Die Stiftskirche ist Blickfang und Wahrzeichen des Evangelischen Johannesstiftes. Sie bildet den geistigen Mittelpunkt seiner diakonischen Arbeit. Dies kommt in der Architektur eindrucksvoll zum Ausdruck: Die Kirche befindet sich im Zentrum der Gesamtanlage des Stiftes, die Platanenallee führt direkt auf sie zu. Eine solche herausgehobene Stellung der Kirche hatte Johann Hinrich Wichern bereits bei der Gründung des Stiftes gewollt.
Anregungen für Aktivitäten im Johannesstift
Der Kirchenraum
Die Raumgestaltung wird unterschiedlichen Nutzungen gerecht. Die flexible Bestuhlung berücksichtigt vor allem auch die Belange von Menschen mit Behinderung. Sie sollen inmitten der Gemeinde und nicht abgesondert von ihr Platz nehmen können.
Wände und Decken erhielten im Jahre 2003 einen neuen, sandfarbenen Innenanstrich. Ursprüngliche Elemente wie Säulenschmuck und die Natursteinverblendung der Pfeiler aus Crailsheimer Muschelkalk ließ der Architekt wieder freilegen. Sie waren bei vorhergehenden Renovierungen verschwunden.
Angebote für Kinder und Jugendliche: Insbesondere mit Kita-Gruppen aber auch mit jüngeren Schülern kann über die Gestaltung, die Symbolik und ihre Bedeutung ein Gespräch stattfinden.

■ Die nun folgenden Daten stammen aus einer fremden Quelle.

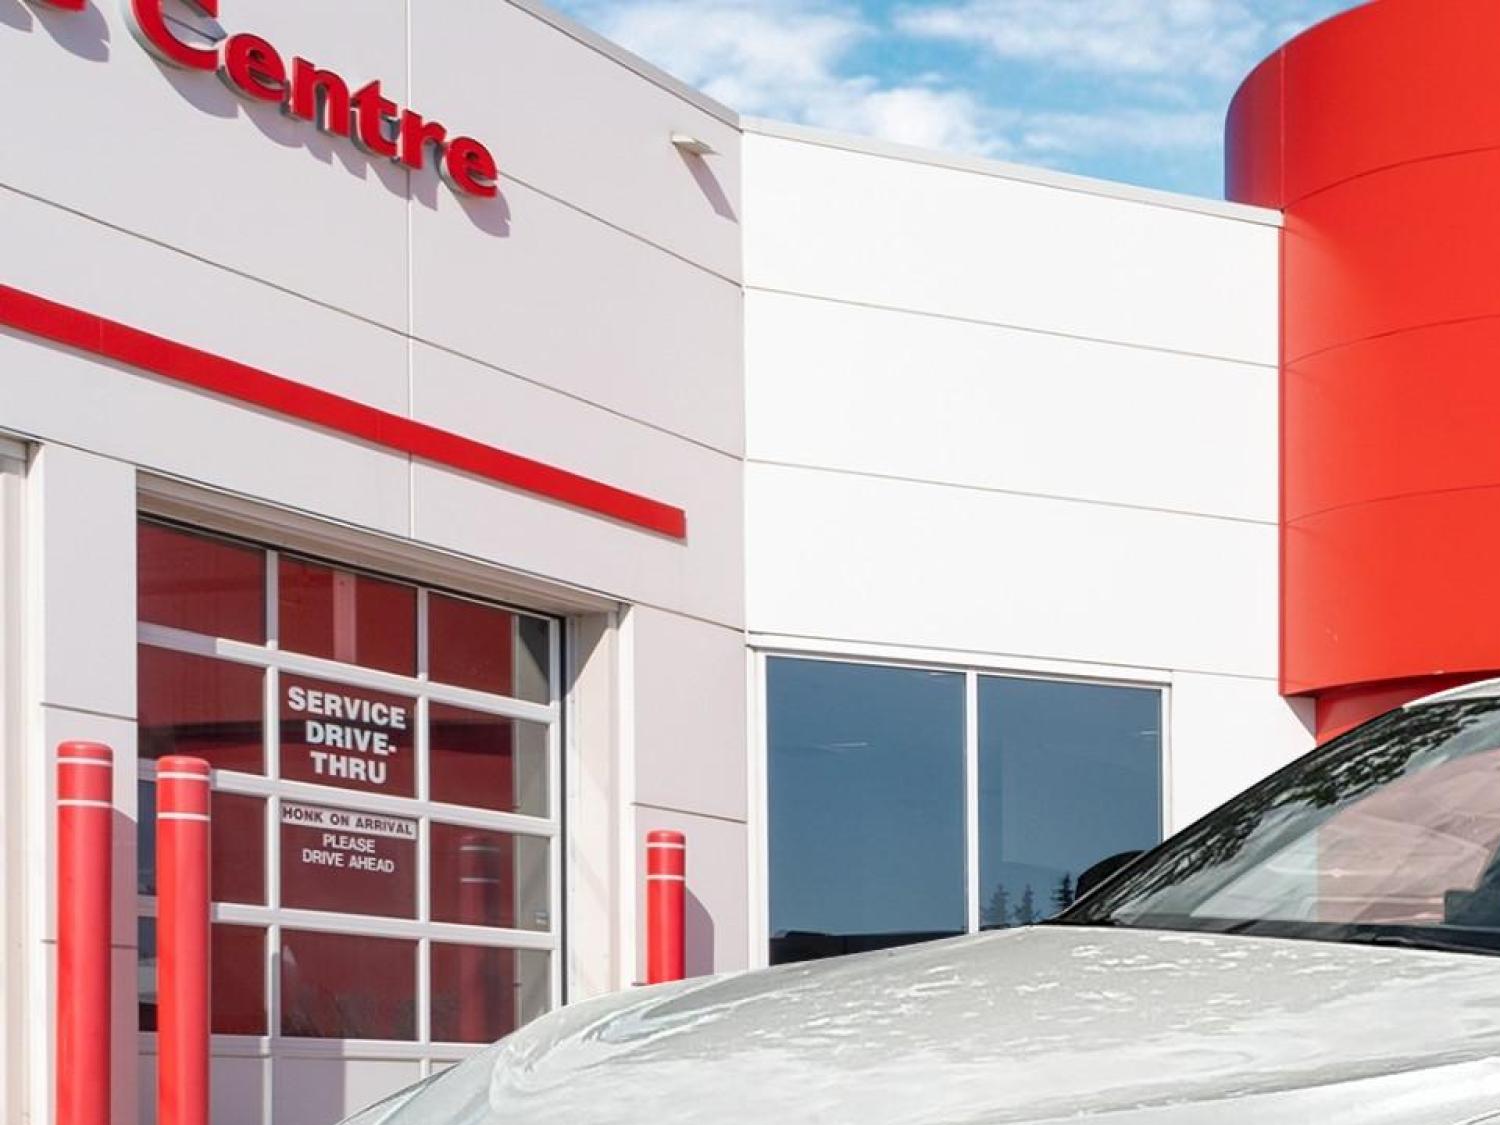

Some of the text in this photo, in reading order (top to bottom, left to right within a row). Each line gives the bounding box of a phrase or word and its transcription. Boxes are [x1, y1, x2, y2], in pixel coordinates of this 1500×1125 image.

[130, 0, 498, 198] Centre
[288, 686, 406, 729] SERVICE
[306, 720, 397, 755] DRIVE-
[310, 751, 386, 784] THRU
[282, 807, 413, 835] HONK ON ARRIVAL
[322, 833, 375, 853] PLEASE
[302, 848, 395, 873] DRIVE AHEAD
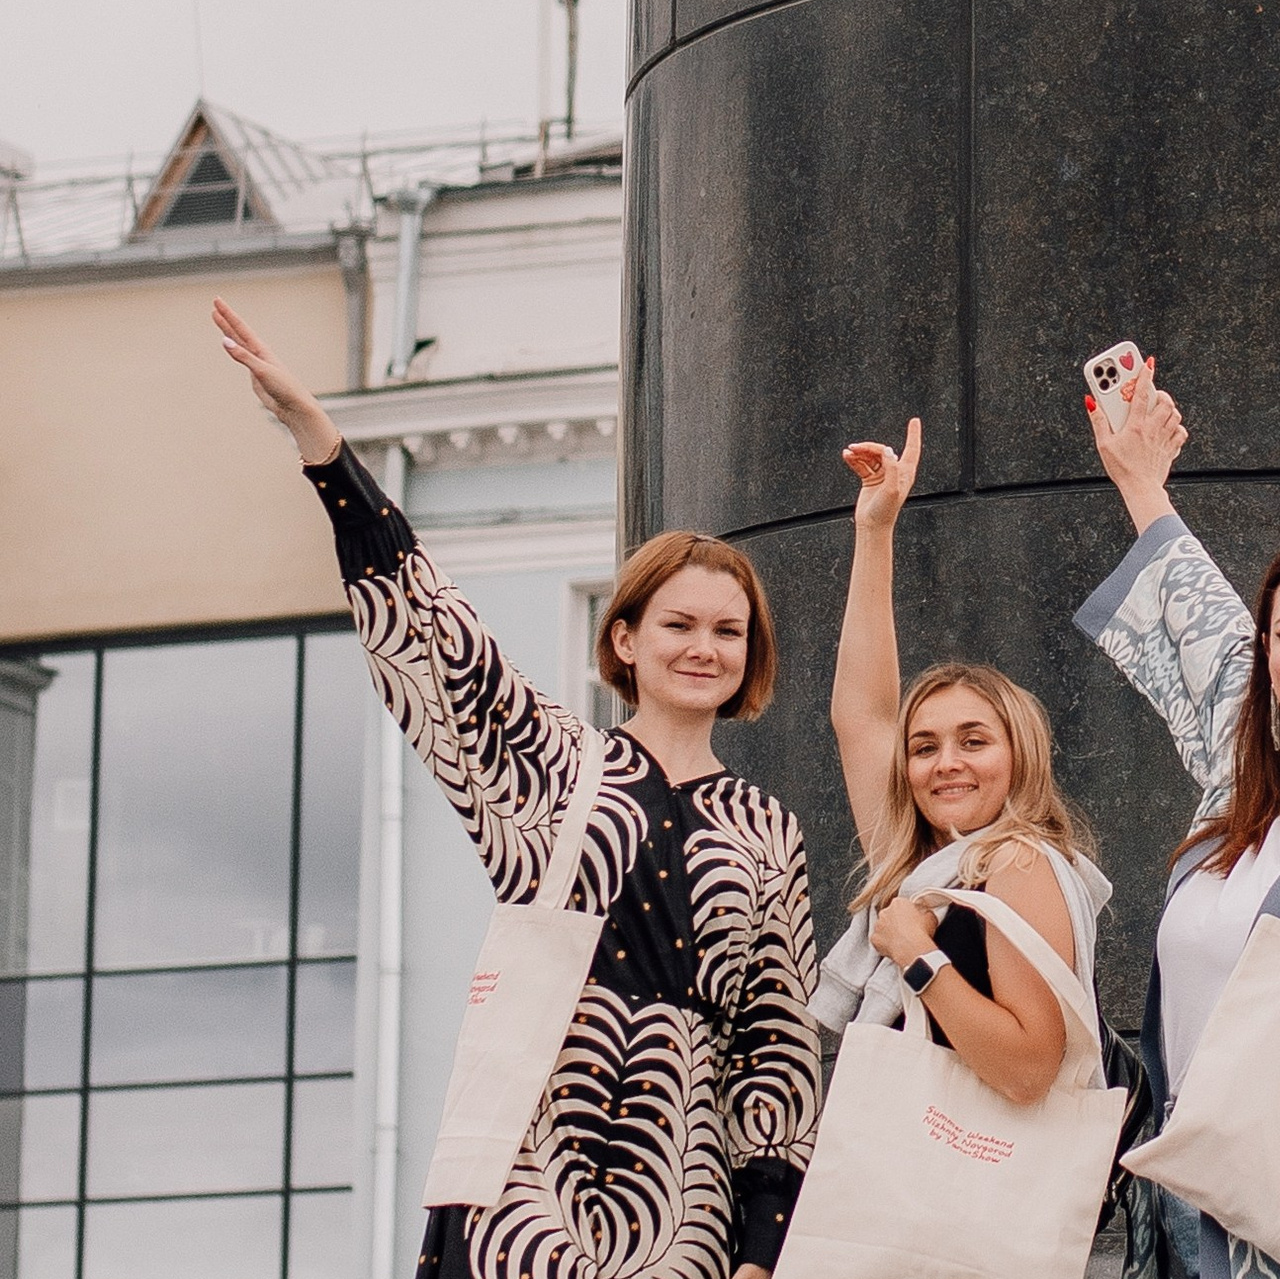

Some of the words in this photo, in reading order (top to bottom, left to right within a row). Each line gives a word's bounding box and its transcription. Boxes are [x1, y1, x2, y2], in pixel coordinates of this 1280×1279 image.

[926, 1105, 964, 1133] Summer
[967, 1131, 1015, 1149] Weekend
[929, 1129, 942, 1140] by
[961, 1139, 1013, 1158] Novgorod

Downloads und Links zur Kirche
Der Kirchenführer für kleine Leute: Infos, Rätsel, Ausmalbilder (PDF)
Die Orgel
Die Walcker-Orgel wurde von der Firma Otto Hoffmann überholt und erweitert; sie besitzt jetzt 64 Register und ist auf 4 Manualen und Pedal bespielbar. Damit gehört sie zu den größten Orgeln Berlins.
Angebote für Kinder und Jugendliche: Orgelführungen mit dem Stiftskantor sind nach Voranmeldung mit allen Altersgruppen möglich.
Kinder und Jugendliche mit musischer Vorbildung dürfen selbst mal auf die Orgelbank und ein Stück vorspielen.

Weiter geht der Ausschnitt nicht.